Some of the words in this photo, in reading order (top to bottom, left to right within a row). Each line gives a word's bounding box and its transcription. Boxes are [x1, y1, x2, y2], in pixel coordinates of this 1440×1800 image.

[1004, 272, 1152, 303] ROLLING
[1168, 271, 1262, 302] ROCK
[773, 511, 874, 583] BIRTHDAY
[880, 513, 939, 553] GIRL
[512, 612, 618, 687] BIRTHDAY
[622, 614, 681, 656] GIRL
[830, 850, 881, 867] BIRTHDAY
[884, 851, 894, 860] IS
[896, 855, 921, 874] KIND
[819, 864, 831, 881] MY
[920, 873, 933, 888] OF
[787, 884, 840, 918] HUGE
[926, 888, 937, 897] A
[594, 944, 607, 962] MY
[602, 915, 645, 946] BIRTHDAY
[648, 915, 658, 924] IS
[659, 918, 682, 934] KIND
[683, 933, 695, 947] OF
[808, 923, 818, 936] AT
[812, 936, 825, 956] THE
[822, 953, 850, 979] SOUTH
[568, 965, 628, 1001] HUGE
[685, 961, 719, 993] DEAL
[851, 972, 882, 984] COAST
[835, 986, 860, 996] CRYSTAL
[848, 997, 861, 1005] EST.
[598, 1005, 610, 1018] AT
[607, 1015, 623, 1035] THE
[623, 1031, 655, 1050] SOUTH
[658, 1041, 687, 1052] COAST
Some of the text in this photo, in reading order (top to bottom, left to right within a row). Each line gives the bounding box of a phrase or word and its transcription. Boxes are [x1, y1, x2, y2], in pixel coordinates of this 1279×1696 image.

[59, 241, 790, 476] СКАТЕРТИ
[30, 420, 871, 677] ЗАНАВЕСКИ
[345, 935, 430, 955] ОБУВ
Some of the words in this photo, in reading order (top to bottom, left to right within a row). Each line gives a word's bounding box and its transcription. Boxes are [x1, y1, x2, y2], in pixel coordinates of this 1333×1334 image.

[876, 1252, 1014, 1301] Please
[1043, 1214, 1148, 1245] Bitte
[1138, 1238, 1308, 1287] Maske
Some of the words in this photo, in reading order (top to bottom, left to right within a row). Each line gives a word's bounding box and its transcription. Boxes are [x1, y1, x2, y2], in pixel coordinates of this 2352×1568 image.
···
[Try it]: From top to bottom, please output the material exactly.

[Solution below]:
Some of the words in this photo, in reading order (top to bottom, left to right within a row). Each line gives a word's bounding box and its transcription. Boxes are [x1, y1, x2, y2], in pixel coordinates of this 1440×1800 image.

[1004, 272, 1152, 303] ROLLING
[1168, 271, 1262, 302] ROCK
[773, 511, 874, 583] BIRTHDAY
[880, 513, 939, 553] GIRL
[512, 612, 618, 687] BIRTHDAY
[622, 614, 681, 656] GIRL
[830, 850, 881, 867] BIRTHDAY
[884, 851, 894, 860] IS
[896, 855, 921, 874] KIND
[819, 864, 831, 881] MY
[920, 873, 933, 888] OF
[787, 884, 840, 918] HUGE
[926, 888, 937, 897] A
[594, 944, 607, 962] MY
[602, 915, 645, 946] BIRTHDAY
[648, 915, 658, 924] IS
[659, 918, 682, 934] KIND
[683, 933, 695, 947] OF
[808, 923, 818, 936] AT
[812, 936, 825, 956] THE
[822, 953, 850, 979] SOUTH
[568, 965, 628, 1001] HUGE
[685, 961, 719, 993] DEAL
[851, 972, 882, 984] COAST
[835, 986, 860, 996] CRYSTAL
[848, 997, 861, 1005] EST.
[598, 1005, 610, 1018] AT
[607, 1015, 623, 1035] THE
[623, 1031, 655, 1050] SOUTH
[658, 1041, 687, 1052] COAST
Some of the text in this photo, in reading order (top to bottom, left to right within a row). Each line gives the bounding box of a phrase or word and its transcription. Boxes are [x1, y1, x2, y2], in pixel coordinates of this 1279×1696 image.

[59, 241, 790, 476] СКАТЕРТИ
[30, 420, 871, 677] ЗАНАВЕСКИ
[345, 935, 430, 955] ОБУВ
Some of the words in this photo, in reading order (top to bottom, left to right within a row). Each line gives a word's bounding box and its transcription. Boxes are [x1, y1, x2, y2], in pixel coordinates of this 1333×1334 image.

[876, 1252, 1014, 1301] Please
[1043, 1214, 1148, 1245] Bitte
[1138, 1238, 1308, 1287] Maske
Some of the words in this photo, in reading order (top to bottom, left to right within a row). Each line gives a word's bounding box and its transcription. Boxes are [x1, y1, x2, y2], in pixel coordinates of this 2352×1568 image.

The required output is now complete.